◆ **Work to complete**
An exact copy of every entry is the answer here, with no pictures.

◆ **Dataset entries**
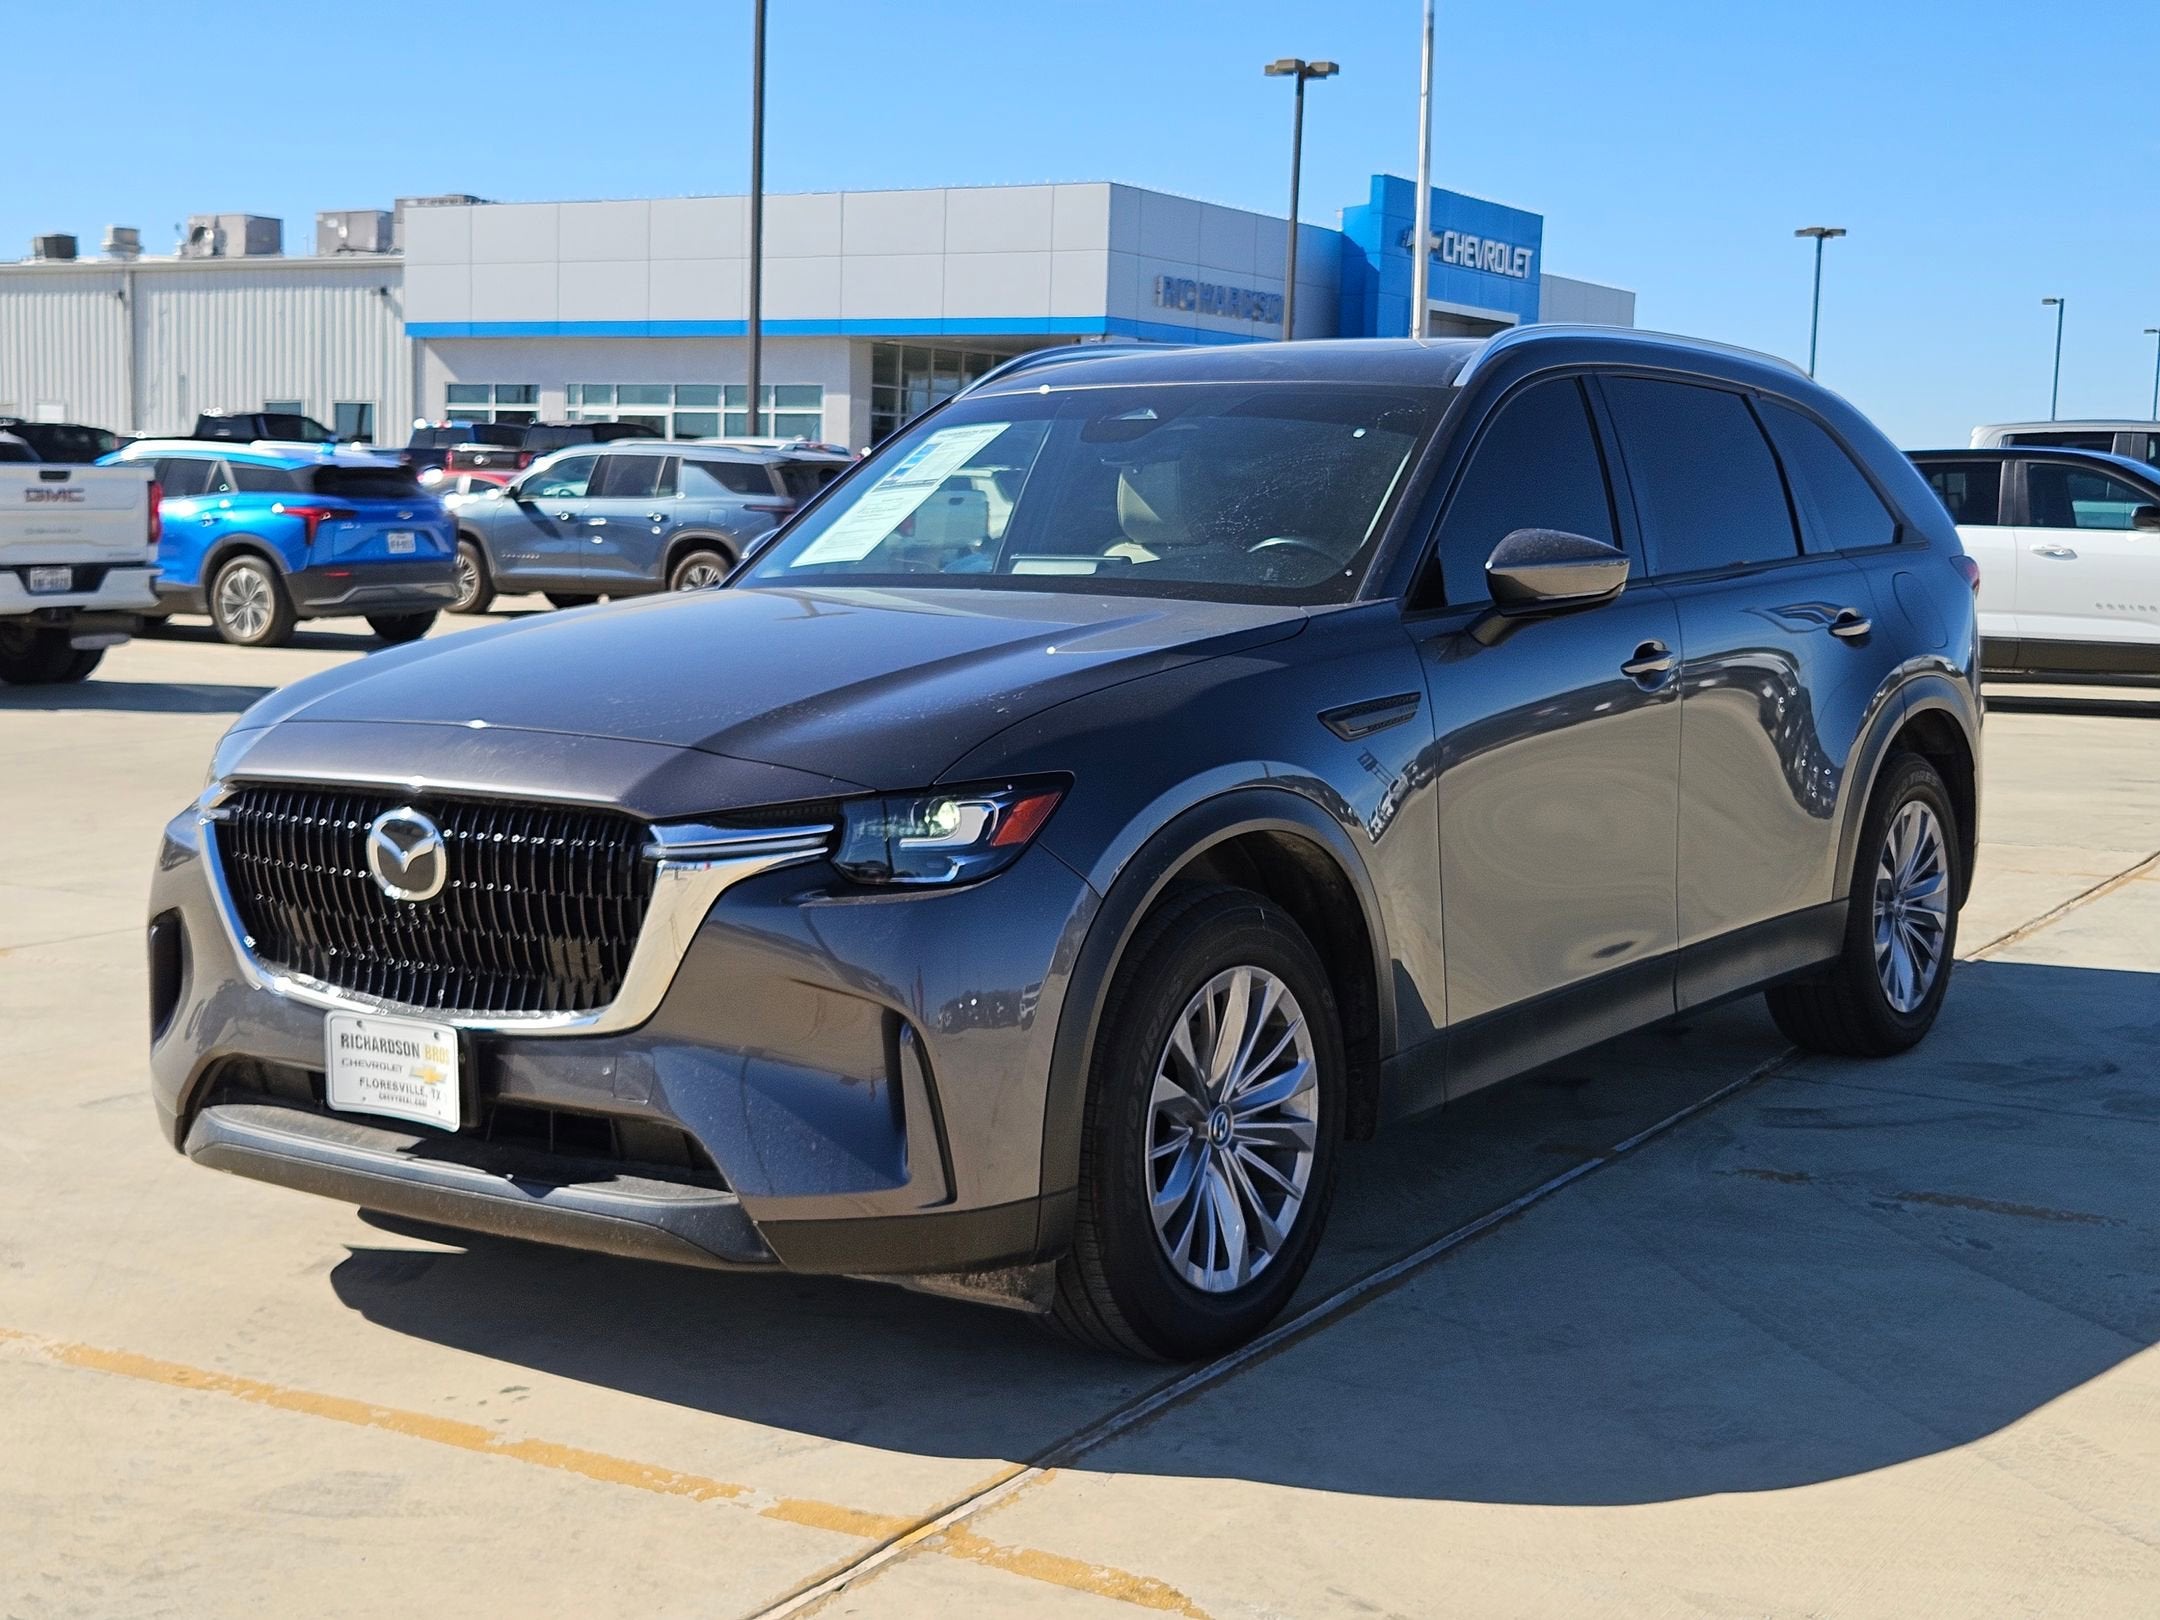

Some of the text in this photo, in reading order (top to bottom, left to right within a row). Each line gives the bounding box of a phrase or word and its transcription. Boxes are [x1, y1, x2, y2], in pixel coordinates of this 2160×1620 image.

[1443, 230, 1533, 279] CHEVROLET
[25, 487, 85, 503] GMC
[340, 1032, 421, 1059] RICHARDSON
[341, 1058, 404, 1074] CHEVROLET
[431, 1087, 442, 1101] TX

◆ **Answer space**
Some of the text in this photo, in reading order (top to bottom, left to right within a row). Each line gives the bounding box of a phrase or word and its transcription. Boxes are [x1, y1, x2, y2], in pixel coordinates of this 2160×1620 image.

[1443, 230, 1533, 279] CHEVROLET
[25, 487, 85, 503] GMC
[340, 1032, 421, 1059] RICHARDSON
[341, 1058, 404, 1074] CHEVROLET
[431, 1087, 442, 1101] TX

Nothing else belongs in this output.